Director: Salim Ahamed

Stars: Zarina Wahab, Sahim Kumar, Antony Thekkek

Release Company: Allens Video

MPAA Rating: NR

Ahamed: Abu, Son of Adam

After a week of disasters dominating national news with endless speculation about terrorism. With many seeking Boston bombing suspects with "dark skin" and then inevitably linking suspects to Islam and Al-Qaeda while bashing immigrants, what a relief to watch Abu, Son of Adam--a contemplative character study set in lush Kerela, India.

I encounter far too many Americans who are extremely prejudiced against Muslims; at best they usually harbor misconceptions. Too many are convinced that the religion preaches anti-American sentiments and advocates violence. So films like India's 2011 candidate for Oscar consideration are welcome. It shows a typical elderly devout Muslim couple who only want to do the right thing and live a righteous life by following the five pillars of Islam. The film opens with Abu (Sahim Kumar) performing ablutions before pre-dawn prayers.

Abu and his wife Aishu (Zarina Wahab) have a single dream. Simple folk of modest means, they have saved their rupees for decades for this dream. This is the year that they will finally make the Hajj (Insha-Allah). This final pillar is only obligatory for Muslims who are healthy and wealthy enough to make the pilgrimage to Mecca; both of these conditions could present a challenge for Abu.

Despite its remote location, globalization has touched Kerela's shores. The elderly Abu (Salim Kumar) can barely scrape by since few want to buy his traditional perfumed attars; they merely browse before buying more modern products. In the old days, pilgrims applied and prayed to be selected like lottery winners... and then scrambled to prepare. Through a sophisticated doctor, Abu learns about a travel agency that guarantees transport to Mecca. The wealthy doctor has journeyed to Mecca three times and will go again this year.

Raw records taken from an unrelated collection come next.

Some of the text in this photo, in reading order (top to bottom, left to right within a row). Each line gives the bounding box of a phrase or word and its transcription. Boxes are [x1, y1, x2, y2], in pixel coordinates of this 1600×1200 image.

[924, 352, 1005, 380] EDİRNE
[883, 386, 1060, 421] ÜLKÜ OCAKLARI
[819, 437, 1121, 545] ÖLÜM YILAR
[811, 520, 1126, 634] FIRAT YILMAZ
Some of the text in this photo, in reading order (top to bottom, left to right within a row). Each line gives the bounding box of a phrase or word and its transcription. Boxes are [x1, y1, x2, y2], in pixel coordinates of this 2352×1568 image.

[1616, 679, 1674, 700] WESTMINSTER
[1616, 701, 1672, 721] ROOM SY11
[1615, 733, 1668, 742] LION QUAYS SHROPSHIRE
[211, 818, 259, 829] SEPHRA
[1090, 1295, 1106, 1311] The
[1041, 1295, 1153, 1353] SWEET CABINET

To Abu and his wife, the Hajj is NOT a casual affair. This is their supreme spiritual journey.

Innocents compared to their worldly neighbors, merely getting a passport presents a challenge. Gathering sufficient money requires supreme sacrifices--selling all their jewelry, their beloved cows, and even their highly prized jackfruit tree.

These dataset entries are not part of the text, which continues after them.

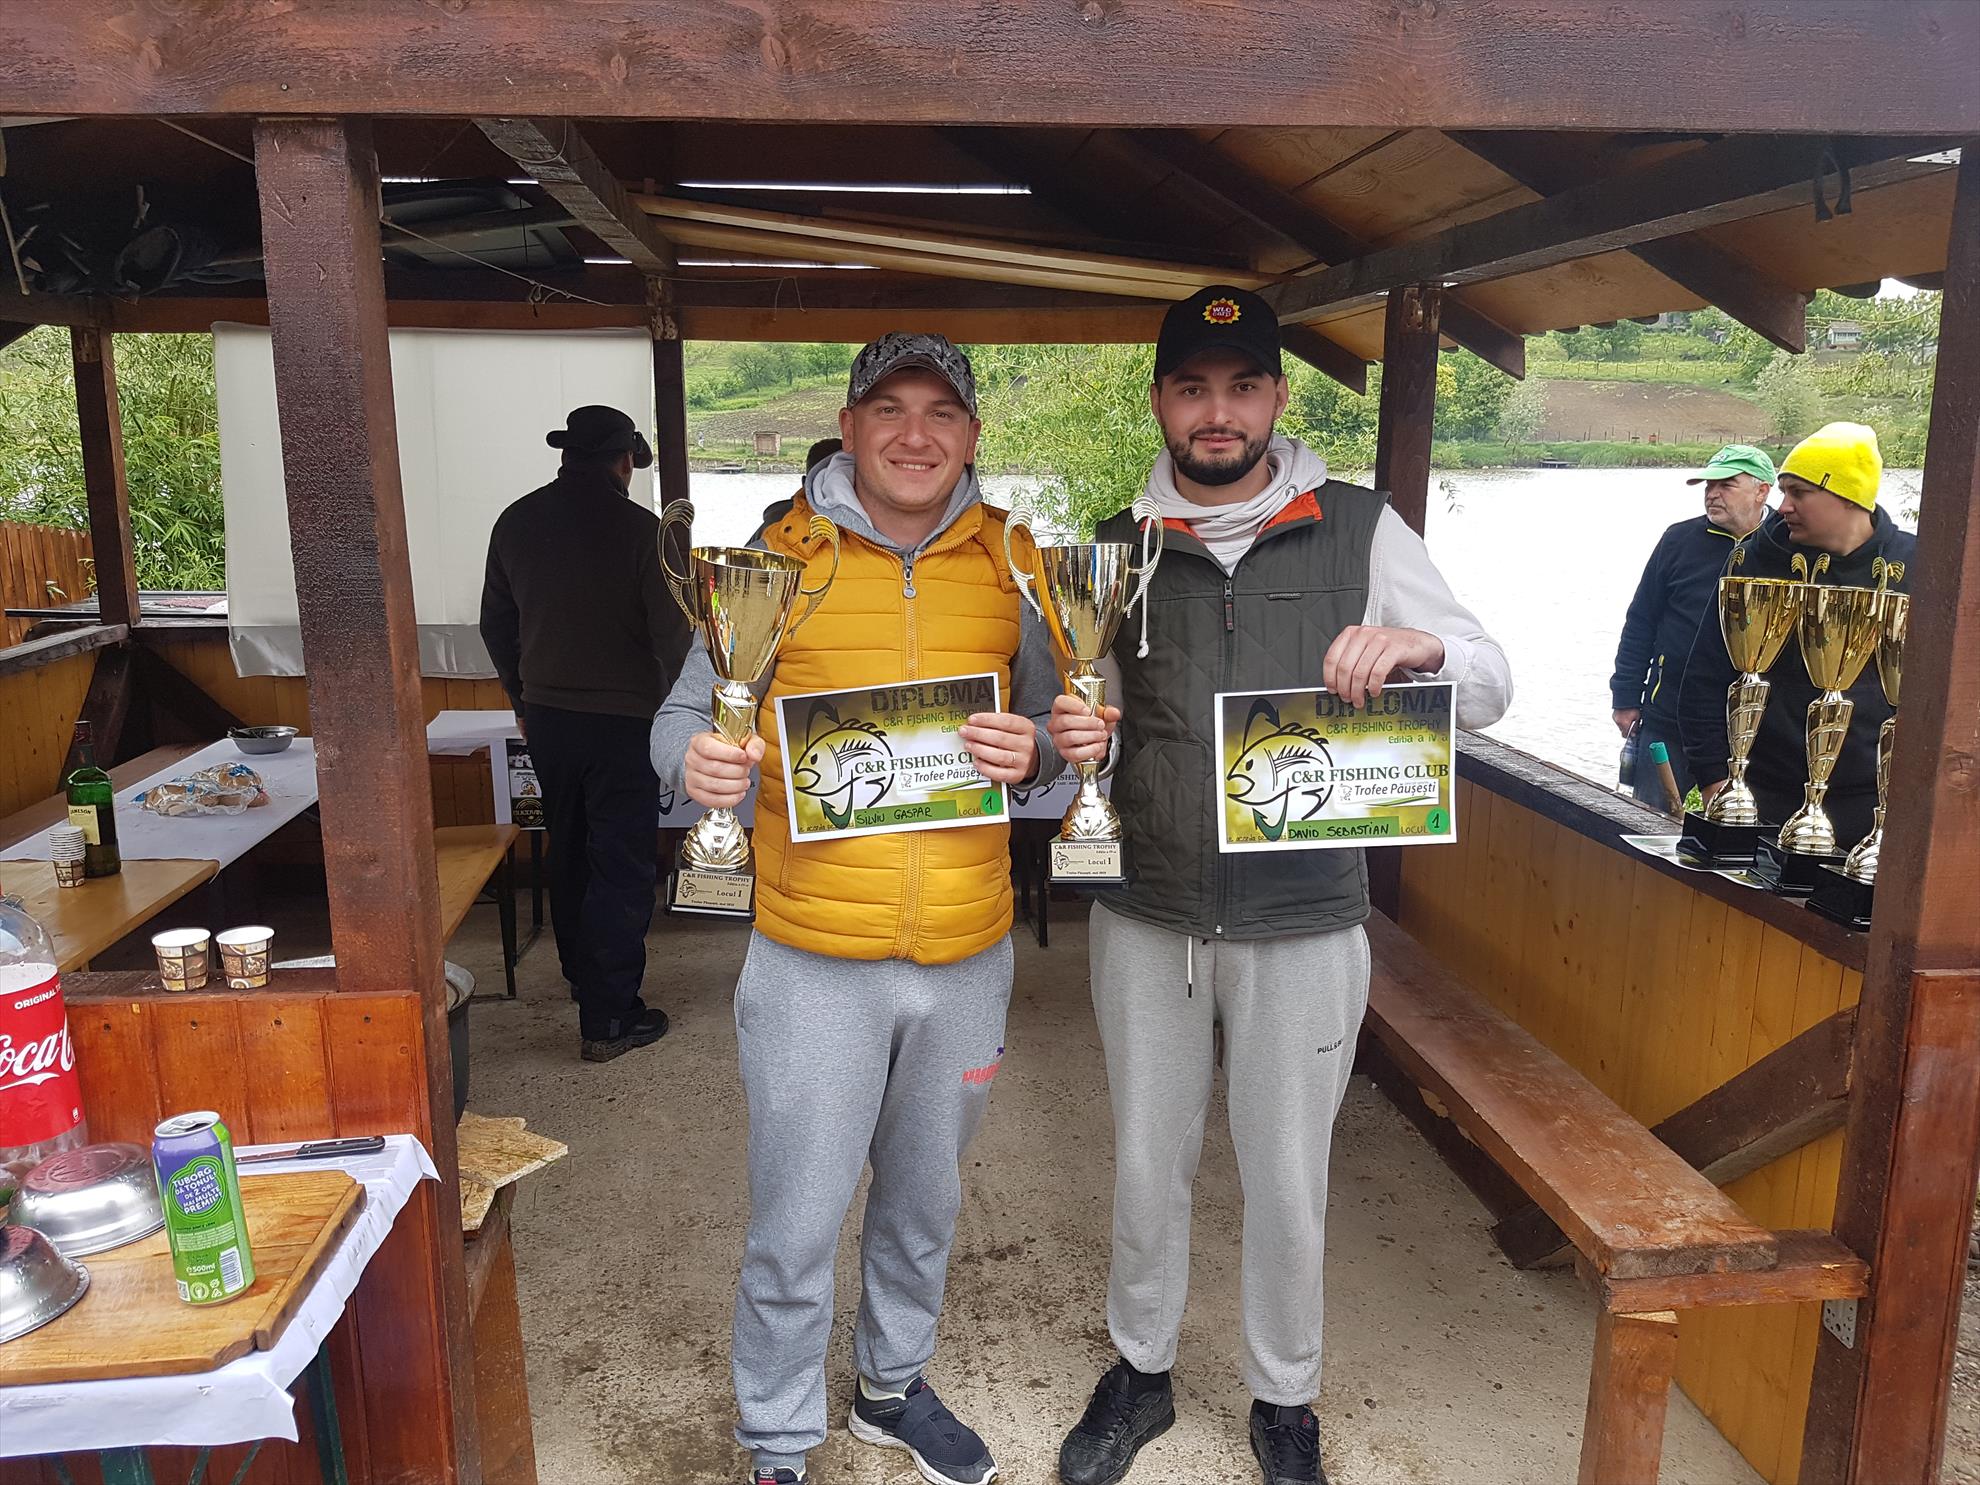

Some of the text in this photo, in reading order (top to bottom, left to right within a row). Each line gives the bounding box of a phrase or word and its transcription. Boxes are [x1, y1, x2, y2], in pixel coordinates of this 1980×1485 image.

[883, 716, 904, 728] C&R
[906, 712, 945, 727] FISHING
[1326, 719, 1440, 735] C&R FISHING TROPHY
[854, 760, 886, 774] C&R
[890, 753, 954, 771] FISHING
[914, 770, 945, 783] Trofee
[1291, 764, 1449, 784] C&R FISHING CLUB
[1355, 783, 1388, 796] Trofee
[986, 796, 993, 810] 1
[893, 808, 933, 820] GASPAR
[1432, 813, 1440, 828] 1
[1401, 825, 1428, 834] LOCUL
[14, 988, 57, 1010] ORIGINAL
[172, 1166, 212, 1189] TUBORG
[184, 1171, 217, 1191] TONUL!
[183, 1185, 221, 1208] MAI MULTE
[193, 1188, 201, 1196] 2
[201, 1183, 214, 1192] ORI
[192, 1262, 216, 1274] 500ml

But the most moving scenes in the slow-paced drama show Abu's connections with friends and acquaintances. To properly go on Hajj requires that he seek forgiveness from all--whether he has outwardly wronged anyone or not.  He must enter Mecca with a pure heart. This pre-journey with merchants, Hindu friends, and a former rival take the simple story through a few twists that are very satisfying even if they aren't especially surprising.

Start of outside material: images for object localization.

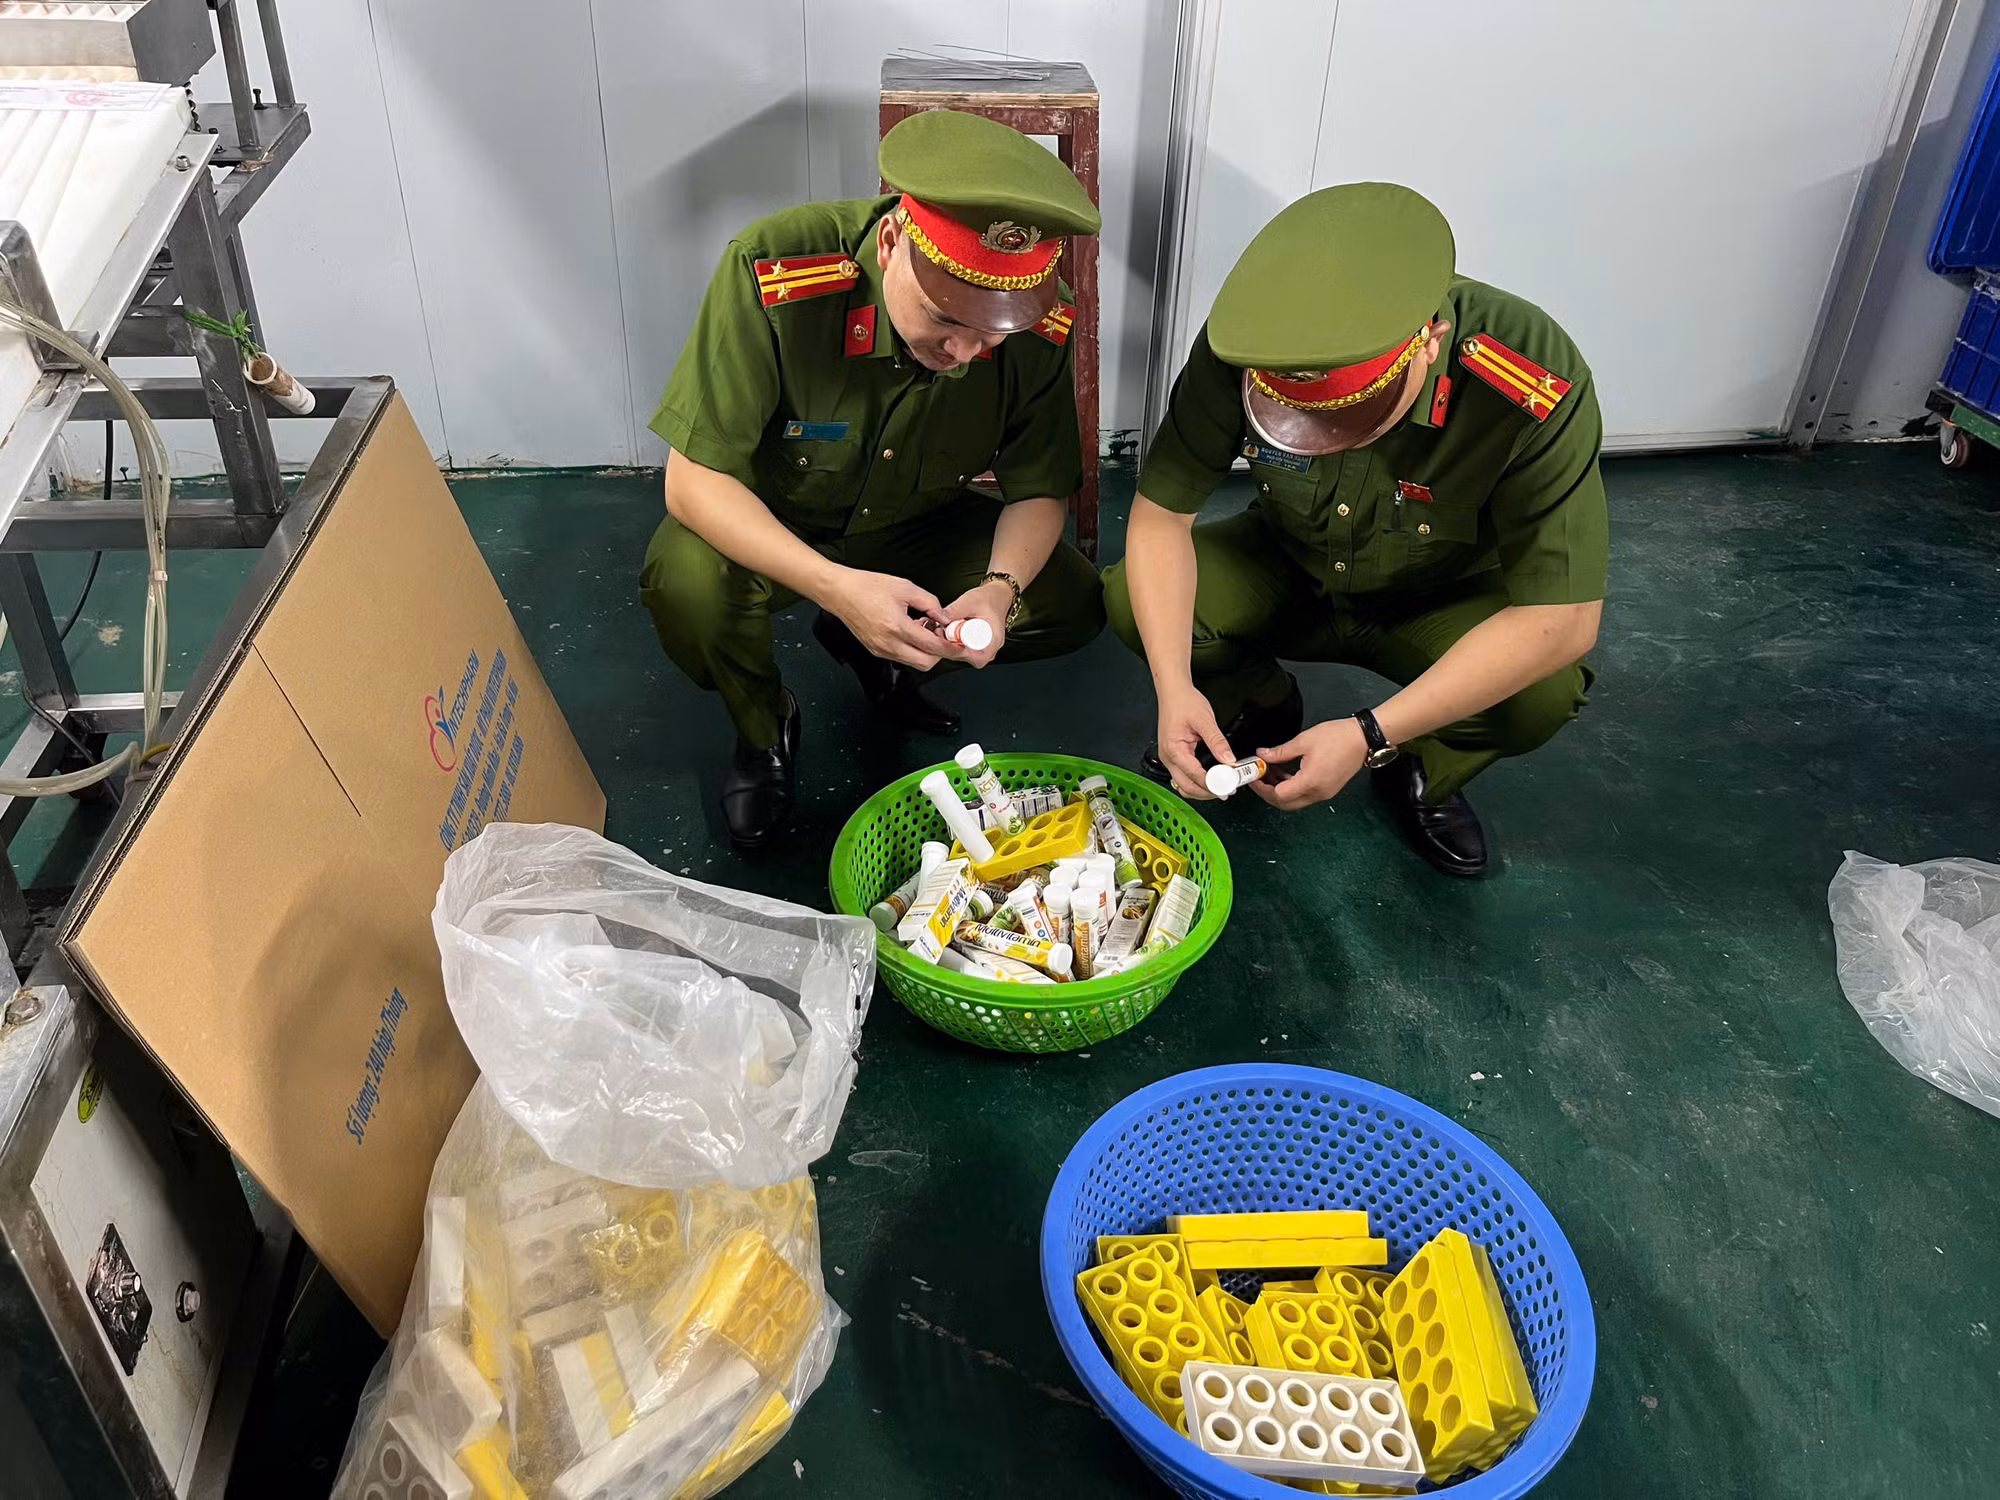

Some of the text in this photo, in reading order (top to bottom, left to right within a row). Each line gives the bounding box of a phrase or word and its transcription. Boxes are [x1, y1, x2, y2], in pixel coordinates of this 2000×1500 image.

[975, 923, 1041, 948] Multivitamin
[1080, 930, 1090, 978] ultivitamin
[366, 1047, 385, 1085] 240
[351, 1075, 380, 1126] lượng:
[346, 1107, 365, 1145] Số

Abu, Son of Adam serves as a graceful, gentle reminder about basic human goodness. Roger Ebert always promoted that a film needed to "work" in one of three ways to make it worth investing a couple hours of your time--as entertainment, artistic merit, and/or educational value. This film provides a far more nuanced view about Islamic and southern Indian culture than usual. First time filmmaker Salim Ahamed offers a true respite from horrific current events of the day. And that alone makes it worthwhile.